La compañía, ¡ay!, como el sueño, desgraciadamente, es un subproducto. No se obtiene buscándola sino dejándose estar en la vida. Como bien sabe el insomne, el descanso llega cuando uno deja de buscar el sueño. Es por eso por lo que, a pesar de lo cervantino que soy, considero que la gran figura de la modernidad no es Don Quijote sino Don Juan. Es la imagen en negro del sujeto moderno: vive de su seducción para descubrir al final su soledad radical. Su figura arrogante de conquistador es la máscara de quien vive con miedo absoluto y por ello muere mil veces. Don Juan equivoca su vida porque intenta paliar su soledad con la atracción.
Pensaba esta mañana, paseando por el cerro de Garabitas, un lugar funerario de la España contemporánea donde las reminiscencias invaden el espacio y el paisaje, en cuánto donjuanismo ha constituido las trayectorias vitales de la cultura moderna. Pensaba en biografías de filósofos y escritores que equivocaron el camino por miedo a la soledad. Se convirtieron en adictos al reconocimiento sin saber que, como la paloma, por ir al norte iban al sur, creyeron que el trigo era el agua. Y en su otoño e invierno todo fue soledad y derrota.
Pensaba en Heidegger, encerrado en su cabaña de invierno en la posguerra, viviendo la derrota de lo que había sido el referente imaginario de su metafísica, rodeado de los fantasmas de los amigos a los que había traicionado: Husserl, Jaspers, Hanna Arendt, convirtiendo su soledad en una filosofía de la desesperanza y el silencio. Pensaba en Ortega, adicto a sus conferencias, sabiéndose ya incapaz de seducir a sus señoras y sabiéndose derrotado por su afán de notoriedad, encontrándose en Darmastadt con Heidegger, quien había escrito lo que él podría haber escrito si no se hubiese dedicado a ser famoso, reconociendo la oscuridad de su otoño y deprimiéndose en sus ultimidades. Pensaba en Russell, incapaz de amar, incapaz de reconocer que Wittgenstein había cavado mucho más hondo que él, incapaz de saber cuál era su lugar en el mundo, convertido en conferencista internacional, cada vez más adicto al discurso enfático y cada vez más alejado de sus hijos, esposas y amigos, cada vez más perseguido por el fantasma de la locura. Pensaba en Sartre, enfoscado entre sábanas sucias y alcohol en sus últimos tiempos. También rodeado de tantas traiciones, sarcasmos y heridas que había dejado en su esfuerzo por ser el Flaubert de la filosofía (con quien compartiría finalmente un destino de muerte perruna en soledad).

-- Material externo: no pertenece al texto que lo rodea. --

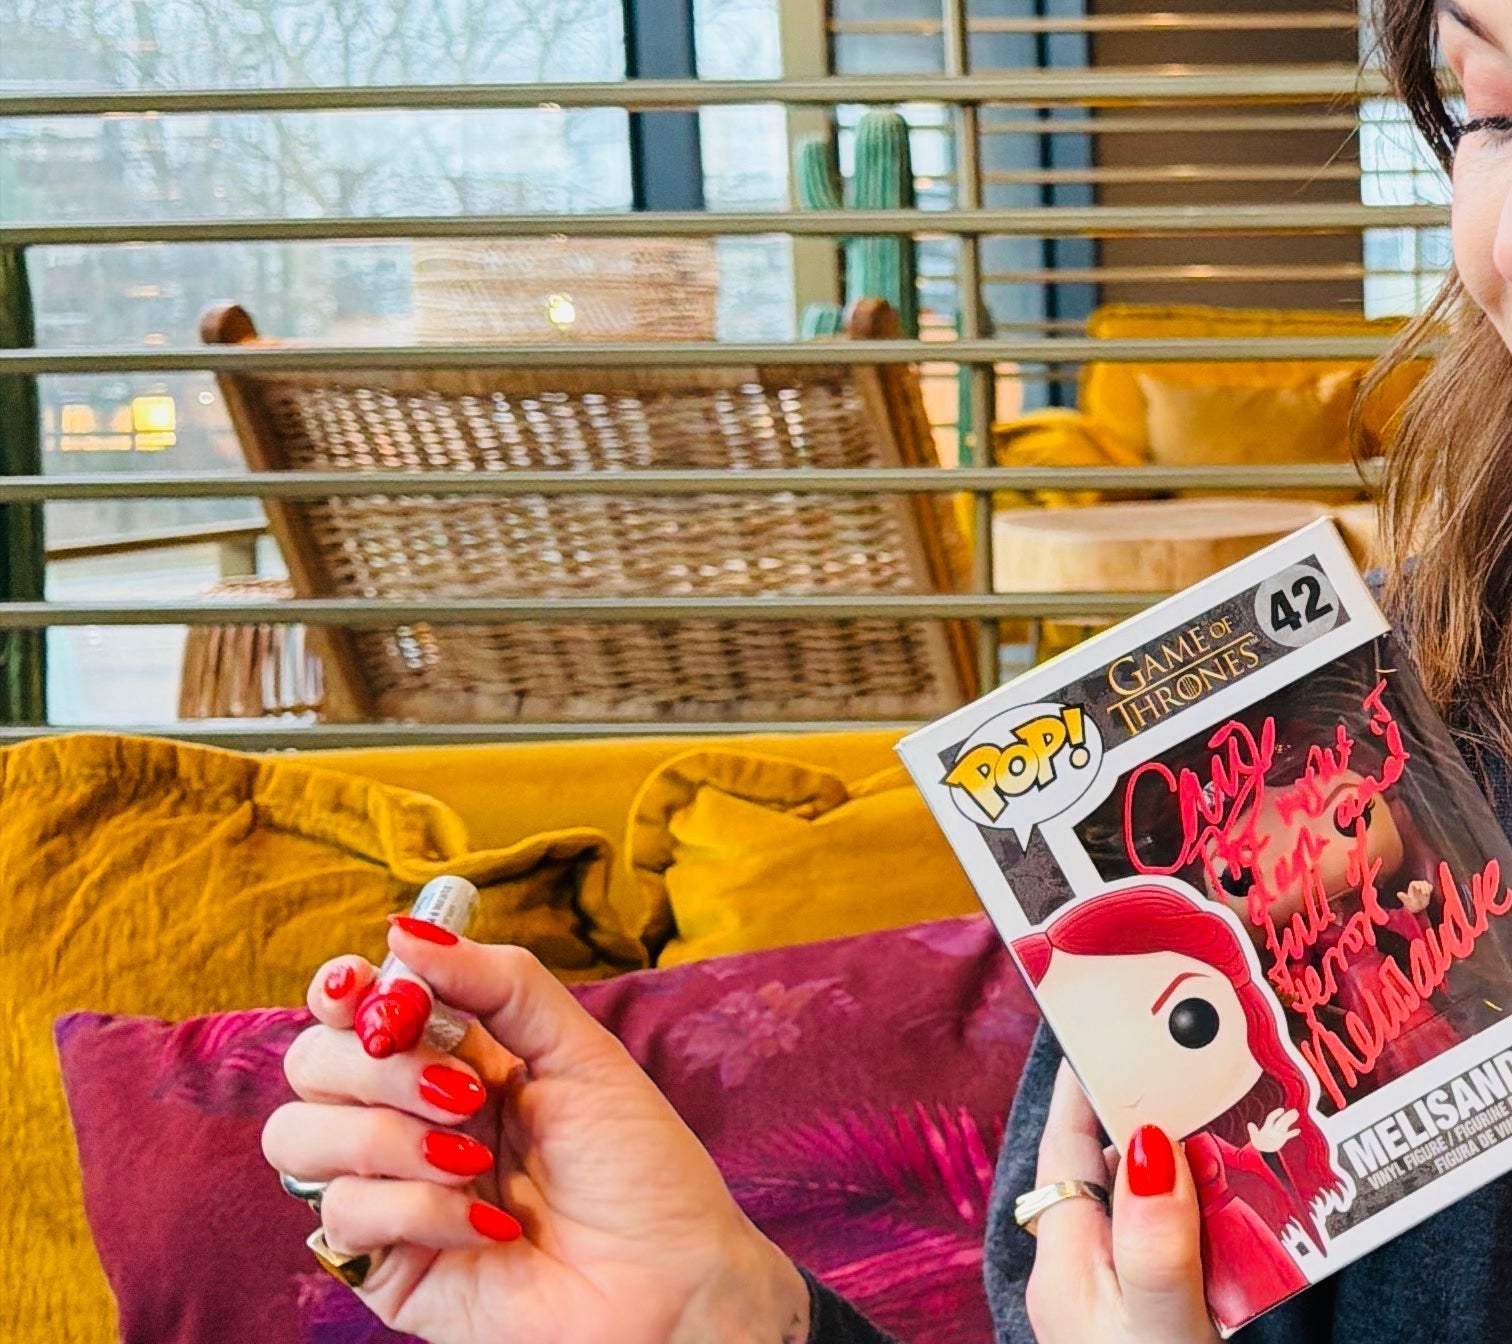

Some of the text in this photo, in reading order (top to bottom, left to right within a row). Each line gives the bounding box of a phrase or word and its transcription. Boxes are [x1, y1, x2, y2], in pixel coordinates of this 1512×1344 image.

[1269, 575, 1334, 634] 42
[1107, 639, 1259, 737] THRONES
[1108, 615, 1233, 696] GAME OF
[942, 703, 1091, 822] POP!
[1367, 1160, 1406, 1190] VINYL
[1405, 1133, 1450, 1172] FIGURE
[1455, 1105, 1507, 1139] FIGURINE
[1434, 1141, 1479, 1174] FIGURA
[1478, 1130, 1498, 1148] DE

Se me hacían presentes todas las zonas erróneas de nuestras adiciones culturales a los remedios a la angustia. Como si estos donjuanismos de la carrera fuesen algo más elevado que el vino en la taberna y el mus de media tarde. Esta vista del Madrid posmoderno desde Garabitas, poblado de fantasmas, me sugerían estas divagaciones.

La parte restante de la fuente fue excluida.